A mortgage payment and a rent payment on paper-similar homes are rarely an apples-to-apples comparison — a mortgage builds equity but adds costs renting doesn't have, while renting trades that equity for flexibility and predictability.
What a Mortgage Payment Doesn't Show You
Your monthly mortgage payment (principal + interest) is only part of the real cost of owning. Add property taxes, homeowners insurance, and — if your down payment is under 20% — private mortgage insurance (PMI), and the true monthly outlay is often 20-40% higher than the loan payment alone. Maintenance and repairs (commonly budgeted at 1-2% of home value per year) fall entirely on the owner, where a renter's landlord absorbs these costs.
Rent's Hidden Cost: You Build No Equity
Every rent payment is gone the moment it's paid. Every mortgage payment, by contrast, splits between interest (which is also gone) and principal (which builds equity you keep). Early in a mortgage, most of the payment is interest — but by year 15-20 of a 30-year loan, the balance shifts heavily toward principal, meaning a larger share of each payment builds wealth rather than just covering the cost of borrowing.
The Break-Even Point Depends on How Long You Stay
Buying involves large upfront costs (down payment, closing costs, often 2-5% of the home price) that renting doesn't. If you sell within 2-3 years, these upfront costs plus selling costs (agent commissions, typically 5-6%) can easily wipe out any equity gained, making renting cheaper overall for short stays. The math typically favors buying only once you plan to stay 5+ years, long enough for equity buildup and appreciation to outweigh the transaction costs on both ends.

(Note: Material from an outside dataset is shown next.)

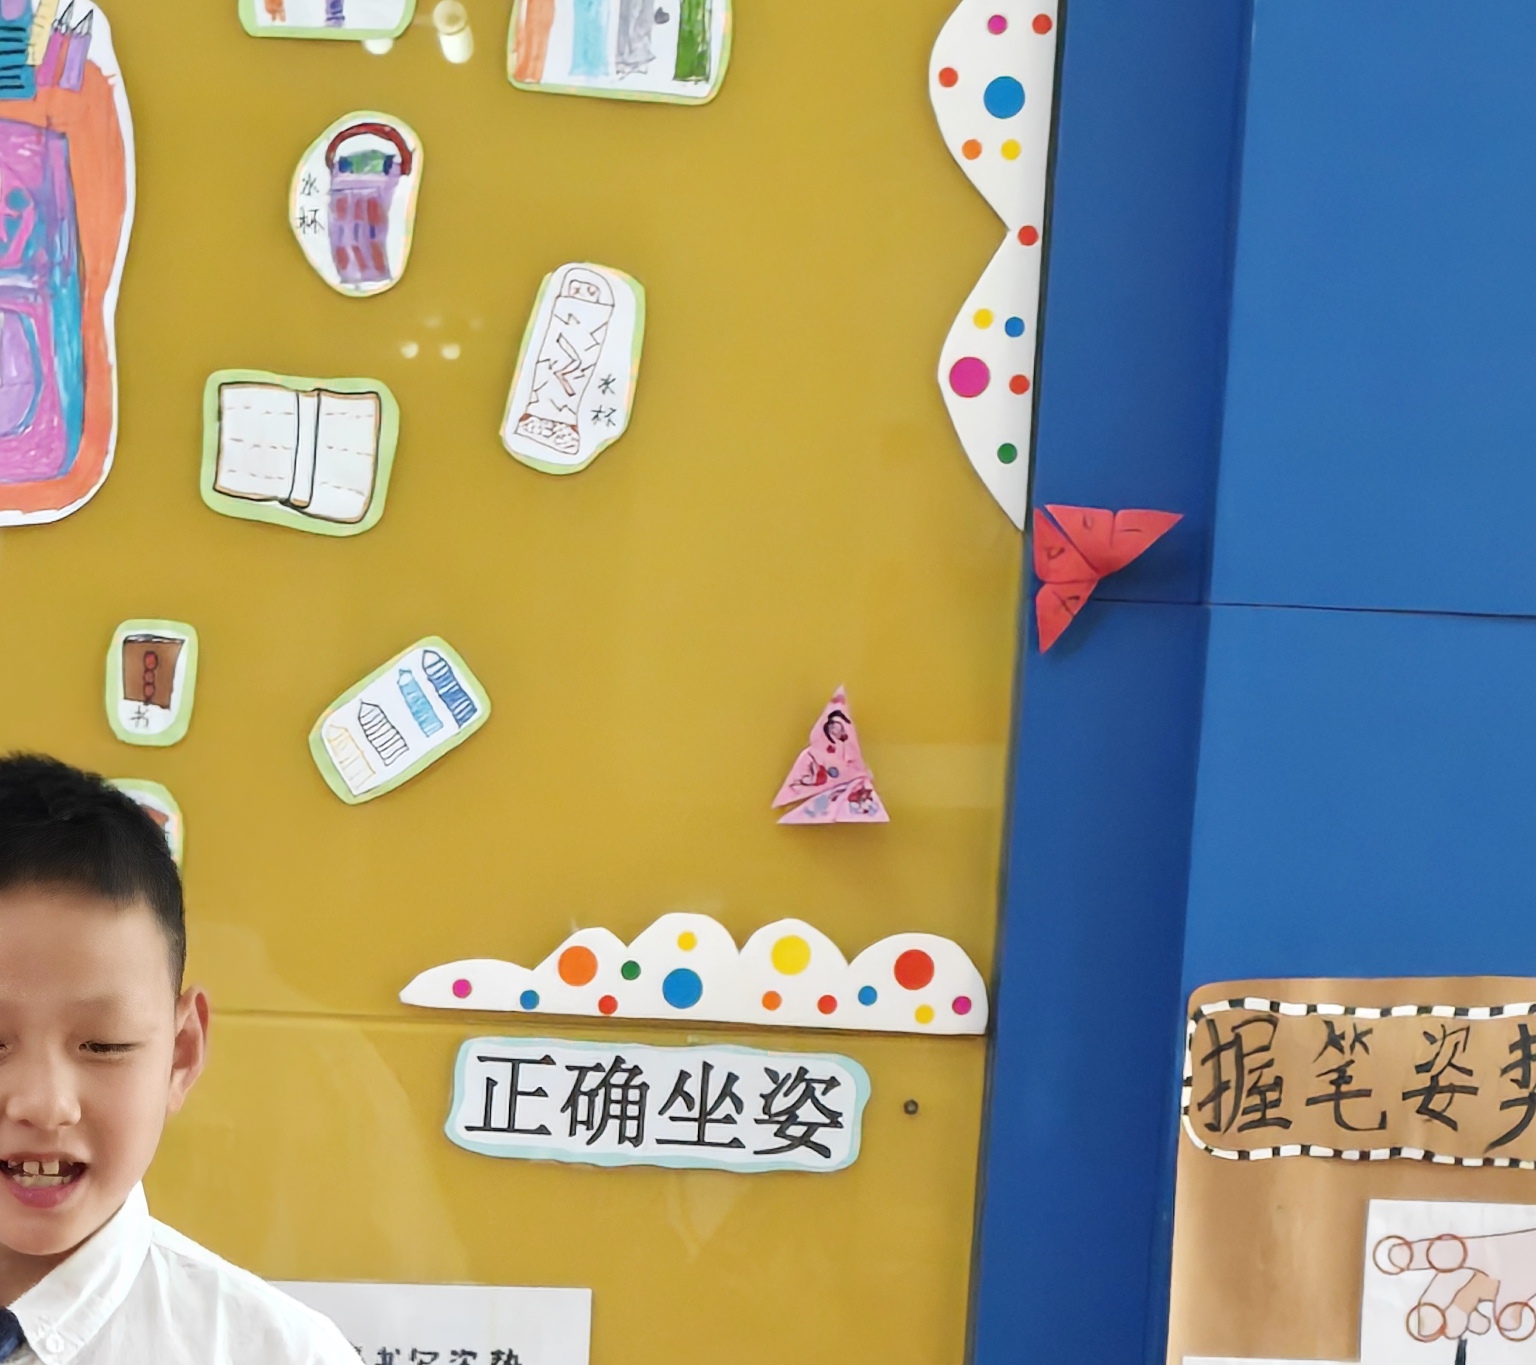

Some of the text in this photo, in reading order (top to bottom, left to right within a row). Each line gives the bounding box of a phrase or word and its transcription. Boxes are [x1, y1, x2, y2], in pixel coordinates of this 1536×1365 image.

[295, 172, 325, 235] 水杯
[590, 373, 617, 429] 水杯
[464, 1054, 845, 1160] 正确坐姿

Opportunity Cost Cuts Both Ways
A down payment invested in the stock market instead of home equity could grow at market returns instead of home appreciation — and historically, stock market returns have often outpaced home price appreciation over long periods, though with far more volatility. Renters who invest the difference between renting and owning (if renting is cheaper monthly) can build wealth this way instead — but only if they actually invest the difference rather than spending it.
Flexibility Has Real Value Renters Shouldn't Discount
Renting lets you relocate for a job, downsize, or leave a bad neighborhood with just a lease term's notice. Selling a home to do the same thing takes months and costs thousands in transaction fees. For anyone with an uncertain job situation or lifestyle, this flexibility has a real financial value that's easy to underweight in a pure numbers comparison.
Frequently Asked Questions
Is it always cheaper to buy if you stay long enough?
Generally yes — the longer you stay, the more equity buildup and appreciation outweigh the upfront transaction costs of buying and eventually selling. Most rule-of-thumb break-even points fall between 3-7 years depending on local price-to-rent ratios.
Does a mortgage payment ever become cheaper than rent?
In many markets, yes — because a fixed-rate mortgage payment (principal + interest) stays constant for the loan's life while rents typically rise with inflation each year. A mortgage that felt expensive in year 1 can feel cheap by year 15 relative to what rent for a comparable home would cost by then.
What's a reasonable maintenance budget for a home?
A commonly used rule of thumb is 1-2% of the home's value per year, though this varies significantly by home age and condition — an older home or one with an aging roof/HVAC system should budget toward the higher end.